-- WHAT YOU ARE ASKED TO DO --
Emit the data below verbatim, stripping out any pictures.

######

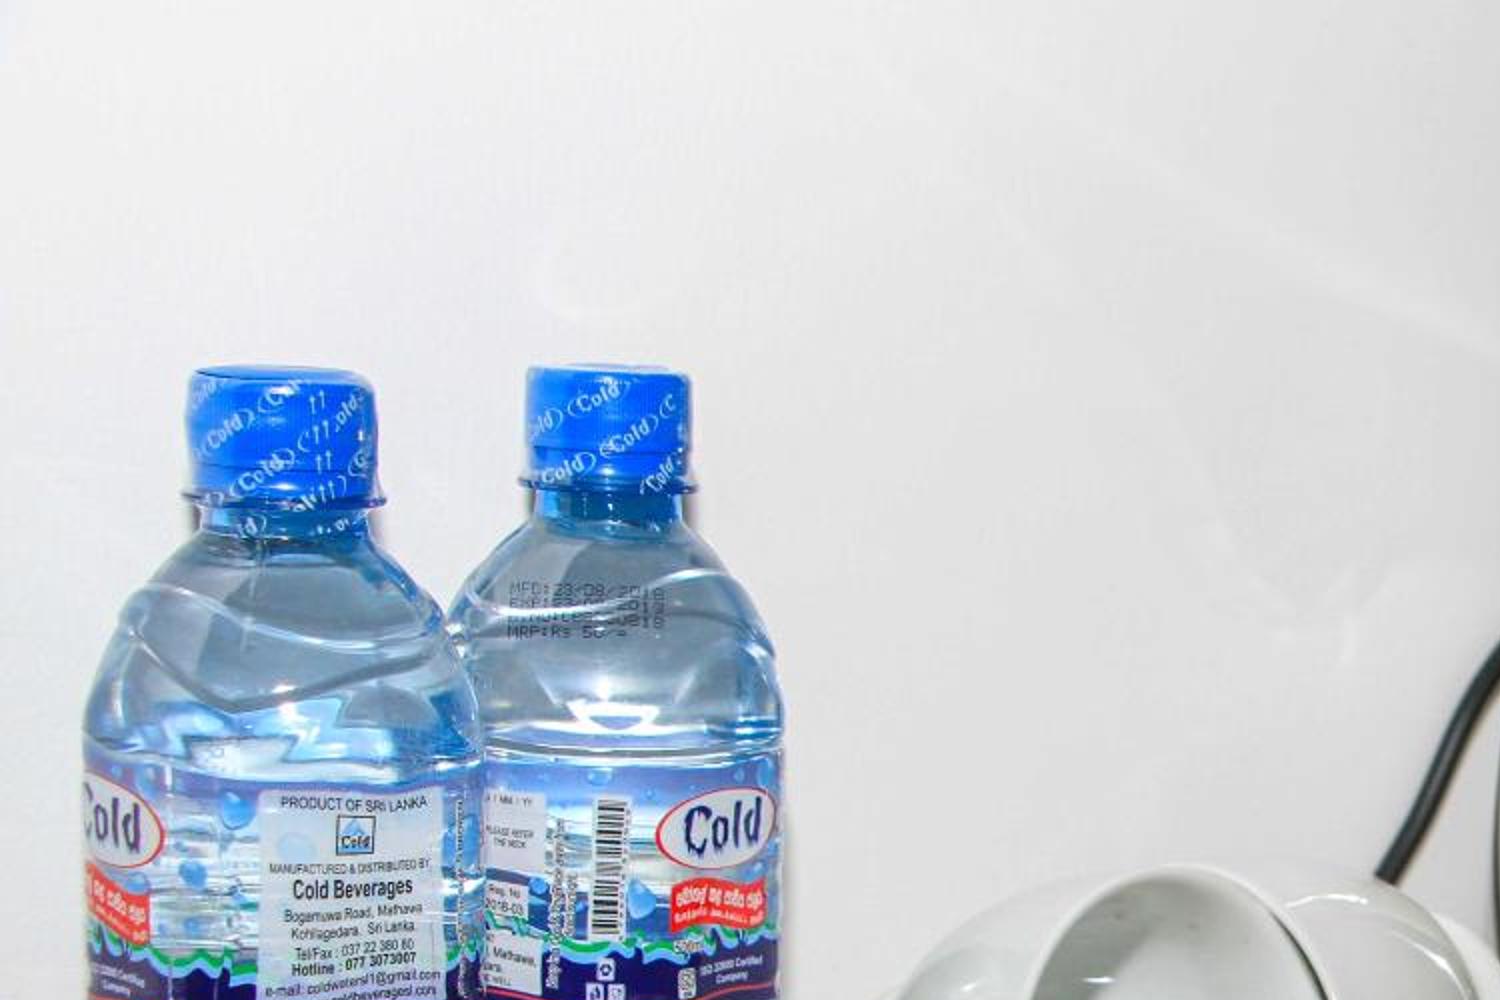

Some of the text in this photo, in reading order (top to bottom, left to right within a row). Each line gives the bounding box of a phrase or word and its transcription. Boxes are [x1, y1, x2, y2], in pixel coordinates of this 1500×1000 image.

[281, 795, 429, 812] PRODUCT OF SRI LANKA
[684, 796, 763, 857] Cold
[269, 862, 348, 875] MANUFACTURED
[358, 859, 417, 874] DISTRIBUTED
[418, 857, 431, 869] BY
[293, 877, 414, 900] Cold Beverages
[367, 921, 384, 935] Sri
[385, 920, 416, 934] Lanka
[291, 963, 335, 977] Hotline
[345, 956, 366, 971] 077

######

-- WRITTEN SOLUTION --
Some of the text in this photo, in reading order (top to bottom, left to right within a row). Each line gives the bounding box of a phrase or word and its transcription. Boxes are [x1, y1, x2, y2], in pixel coordinates of this 1500×1000 image.

[281, 795, 429, 812] PRODUCT OF SRI LANKA
[684, 796, 763, 857] Cold
[269, 862, 348, 875] MANUFACTURED
[358, 859, 417, 874] DISTRIBUTED
[418, 857, 431, 869] BY
[293, 877, 414, 900] Cold Beverages
[367, 921, 384, 935] Sri
[385, 920, 416, 934] Lanka
[291, 963, 335, 977] Hotline
[345, 956, 366, 971] 077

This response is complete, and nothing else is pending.